* WHAT THE TASK ASKS
Make an exact copy of the entries, and keep any pictures out of it.

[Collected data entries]
◇ ◇ ◇ ◇ ◇
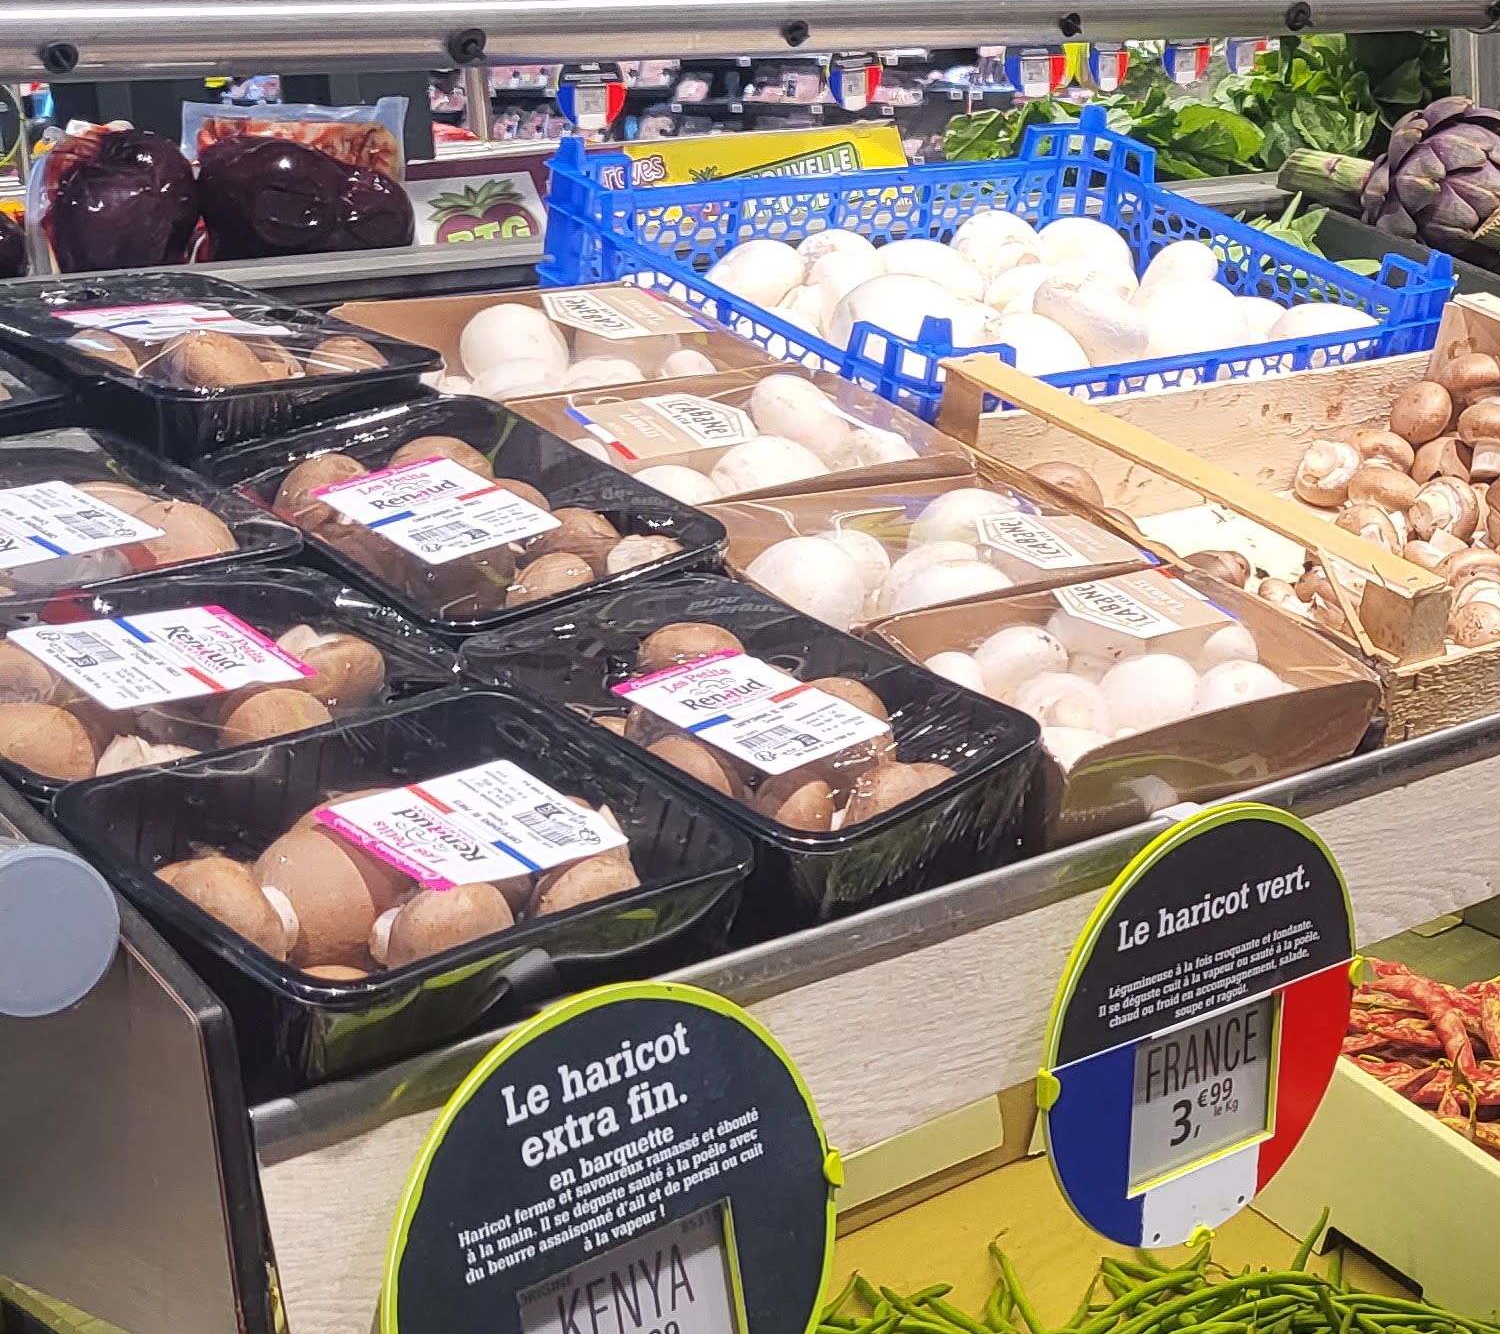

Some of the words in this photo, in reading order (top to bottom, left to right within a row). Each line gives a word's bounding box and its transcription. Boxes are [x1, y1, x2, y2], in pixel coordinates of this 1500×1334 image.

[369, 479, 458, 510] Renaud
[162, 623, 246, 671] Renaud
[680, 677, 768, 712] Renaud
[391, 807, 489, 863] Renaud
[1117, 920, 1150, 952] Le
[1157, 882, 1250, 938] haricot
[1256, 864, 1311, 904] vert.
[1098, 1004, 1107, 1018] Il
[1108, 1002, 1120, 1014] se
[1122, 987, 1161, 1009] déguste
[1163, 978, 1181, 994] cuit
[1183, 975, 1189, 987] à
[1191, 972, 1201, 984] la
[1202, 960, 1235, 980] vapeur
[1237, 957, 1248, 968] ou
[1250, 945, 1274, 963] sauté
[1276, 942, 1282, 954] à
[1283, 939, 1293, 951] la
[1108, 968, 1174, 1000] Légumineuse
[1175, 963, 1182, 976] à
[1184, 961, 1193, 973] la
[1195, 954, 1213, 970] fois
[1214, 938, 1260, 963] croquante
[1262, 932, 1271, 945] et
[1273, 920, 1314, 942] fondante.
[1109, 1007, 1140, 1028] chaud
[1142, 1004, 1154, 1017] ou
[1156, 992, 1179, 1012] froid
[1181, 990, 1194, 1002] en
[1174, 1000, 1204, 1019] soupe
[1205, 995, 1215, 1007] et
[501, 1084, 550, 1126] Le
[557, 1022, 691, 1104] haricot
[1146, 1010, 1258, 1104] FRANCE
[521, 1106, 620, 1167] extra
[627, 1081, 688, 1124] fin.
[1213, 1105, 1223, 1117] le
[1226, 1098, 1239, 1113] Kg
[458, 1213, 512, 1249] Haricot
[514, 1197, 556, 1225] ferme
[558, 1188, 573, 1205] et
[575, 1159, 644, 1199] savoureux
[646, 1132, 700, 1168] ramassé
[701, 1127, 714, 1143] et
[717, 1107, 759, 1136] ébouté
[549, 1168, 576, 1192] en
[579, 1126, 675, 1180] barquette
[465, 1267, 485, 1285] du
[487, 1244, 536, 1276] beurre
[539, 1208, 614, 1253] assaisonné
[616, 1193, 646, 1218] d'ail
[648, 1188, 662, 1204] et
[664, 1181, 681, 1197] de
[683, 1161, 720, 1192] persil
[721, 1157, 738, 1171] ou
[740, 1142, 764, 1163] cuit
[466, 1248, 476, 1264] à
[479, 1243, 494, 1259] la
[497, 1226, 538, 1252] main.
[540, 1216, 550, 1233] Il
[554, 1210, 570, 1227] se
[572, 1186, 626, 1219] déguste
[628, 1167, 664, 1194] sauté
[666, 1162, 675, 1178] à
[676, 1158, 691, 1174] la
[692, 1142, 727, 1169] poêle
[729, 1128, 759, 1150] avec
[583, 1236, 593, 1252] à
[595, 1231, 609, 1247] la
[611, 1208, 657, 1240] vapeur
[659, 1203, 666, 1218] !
◇ ◇ ◇ ◇ ◇
* FINAL ANSWER
Some of the words in this photo, in reading order (top to bottom, left to right within a row). Each line gives a word's bounding box and its transcription. Boxes are [x1, y1, x2, y2], in pixel coordinates of this 1500×1334 image.

[369, 479, 458, 510] Renaud
[162, 623, 246, 671] Renaud
[680, 677, 768, 712] Renaud
[391, 807, 489, 863] Renaud
[1117, 920, 1150, 952] Le
[1157, 882, 1250, 938] haricot
[1256, 864, 1311, 904] vert.
[1098, 1004, 1107, 1018] Il
[1108, 1002, 1120, 1014] se
[1122, 987, 1161, 1009] déguste
[1163, 978, 1181, 994] cuit
[1183, 975, 1189, 987] à
[1191, 972, 1201, 984] la
[1202, 960, 1235, 980] vapeur
[1237, 957, 1248, 968] ou
[1250, 945, 1274, 963] sauté
[1276, 942, 1282, 954] à
[1283, 939, 1293, 951] la
[1108, 968, 1174, 1000] Légumineuse
[1175, 963, 1182, 976] à
[1184, 961, 1193, 973] la
[1195, 954, 1213, 970] fois
[1214, 938, 1260, 963] croquante
[1262, 932, 1271, 945] et
[1273, 920, 1314, 942] fondante.
[1109, 1007, 1140, 1028] chaud
[1142, 1004, 1154, 1017] ou
[1156, 992, 1179, 1012] froid
[1181, 990, 1194, 1002] en
[1174, 1000, 1204, 1019] soupe
[1205, 995, 1215, 1007] et
[501, 1084, 550, 1126] Le
[557, 1022, 691, 1104] haricot
[1146, 1010, 1258, 1104] FRANCE
[521, 1106, 620, 1167] extra
[627, 1081, 688, 1124] fin.
[1213, 1105, 1223, 1117] le
[1226, 1098, 1239, 1113] Kg
[458, 1213, 512, 1249] Haricot
[514, 1197, 556, 1225] ferme
[558, 1188, 573, 1205] et
[575, 1159, 644, 1199] savoureux
[646, 1132, 700, 1168] ramassé
[701, 1127, 714, 1143] et
[717, 1107, 759, 1136] ébouté
[549, 1168, 576, 1192] en
[579, 1126, 675, 1180] barquette
[465, 1267, 485, 1285] du
[487, 1244, 536, 1276] beurre
[539, 1208, 614, 1253] assaisonné
[616, 1193, 646, 1218] d'ail
[648, 1188, 662, 1204] et
[664, 1181, 681, 1197] de
[683, 1161, 720, 1192] persil
[721, 1157, 738, 1171] ou
[740, 1142, 764, 1163] cuit
[466, 1248, 476, 1264] à
[479, 1243, 494, 1259] la
[497, 1226, 538, 1252] main.
[540, 1216, 550, 1233] Il
[554, 1210, 570, 1227] se
[572, 1186, 626, 1219] déguste
[628, 1167, 664, 1194] sauté
[666, 1162, 675, 1178] à
[676, 1158, 691, 1174] la
[692, 1142, 727, 1169] poêle
[729, 1128, 759, 1150] avec
[583, 1236, 593, 1252] à
[595, 1231, 609, 1247] la
[611, 1208, 657, 1240] vapeur
[659, 1203, 666, 1218] !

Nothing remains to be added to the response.